Modeling and computation of an integral operator Riccati equation for an infinite-dimensional stochastic differential equation governing streamflow discharge

We propose a linear-quadratic (LQ) control problem of streamflow discharge by optimizing an infinite -dimensional jump-driven stochastic differential equation (SDE). Our SDE is a superposition of Ornstein- Uhlenbeck processes (supOU process), generating a sub-exponential autocorrelation function observed in actual data. The integral operator Riccati equation is heuristically derived to determine the optimal control of the infinite-dimensional system. In addition, its finite-dimensional version is derived with a discretized distribution of the reversion speed and computed by a finite difference scheme. The optimality of the Riccati equation is analyzed by a verification argument. The supOU process is parameterized based on the actual data of a perennial river. The convergence of the numerical scheme is analyzed through computational experiments.
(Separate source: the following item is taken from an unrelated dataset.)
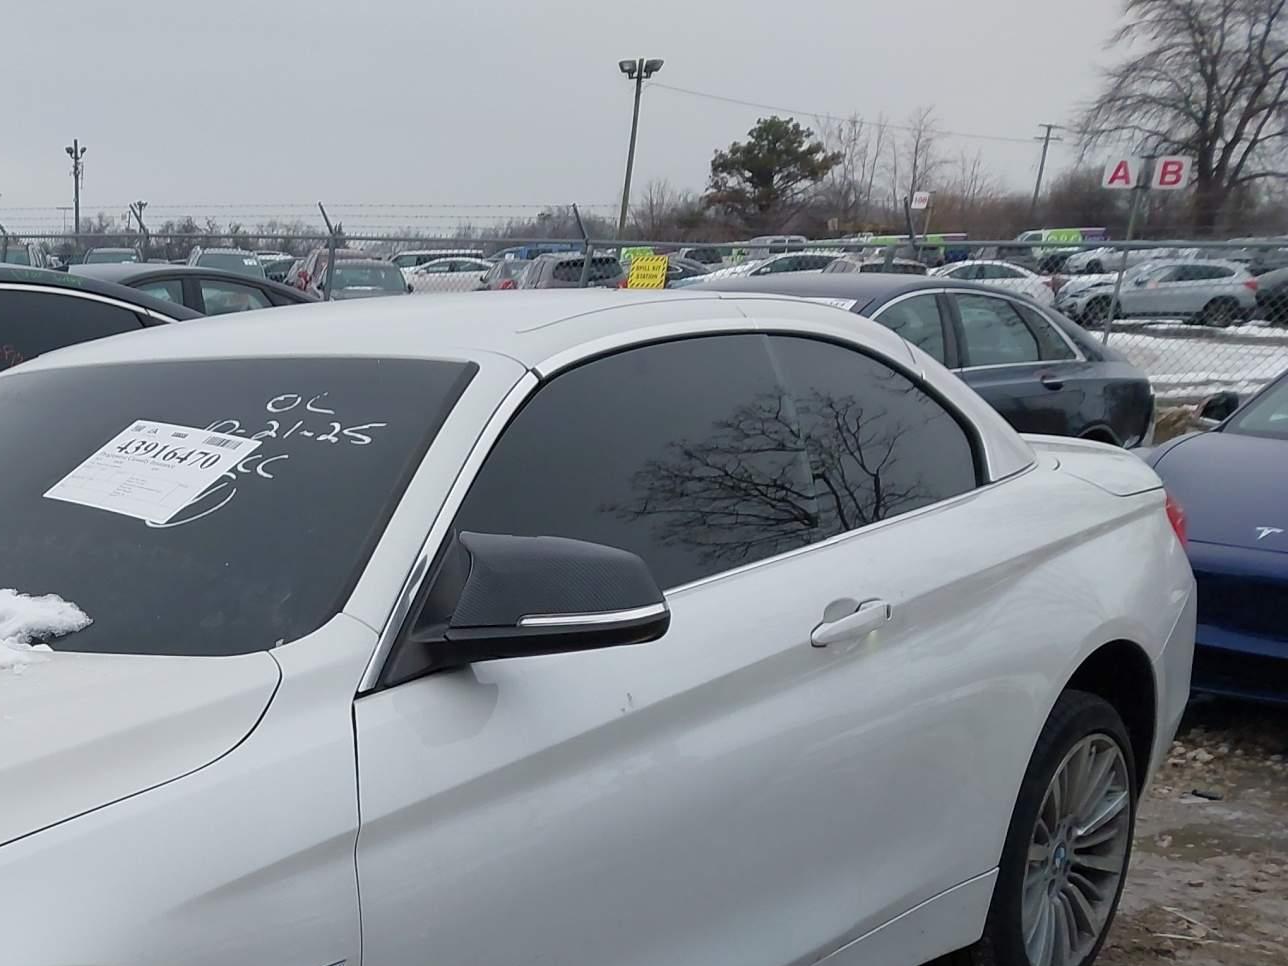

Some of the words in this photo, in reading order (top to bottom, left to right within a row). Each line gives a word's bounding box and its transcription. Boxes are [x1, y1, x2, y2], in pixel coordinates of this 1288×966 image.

Finally, we demonstrate the application of the proposed model to realistic problems along with the Kolmogorov backward equation for the performance evaluation of controls.

Automated summary

In this study, we propose a linear-quadratic control method for optimizing streamflow discharge using an infinite-dimensional jump-driven stochastic differential equation. Our model utilizes a superposition of Ornstein-Uhlenbeck processes to generate the observed sub-exponential autocorrelation function in real data, and the optimal control is determined through an integral operator Riccati equation. By parameterizing the process based on actual data and conducting computational experiments, we analyze the convergence of the numerical scheme and demonstrate the application of the proposed model to realistic problems, evaluating the performance of the controls using the Kolmogorov backward equation.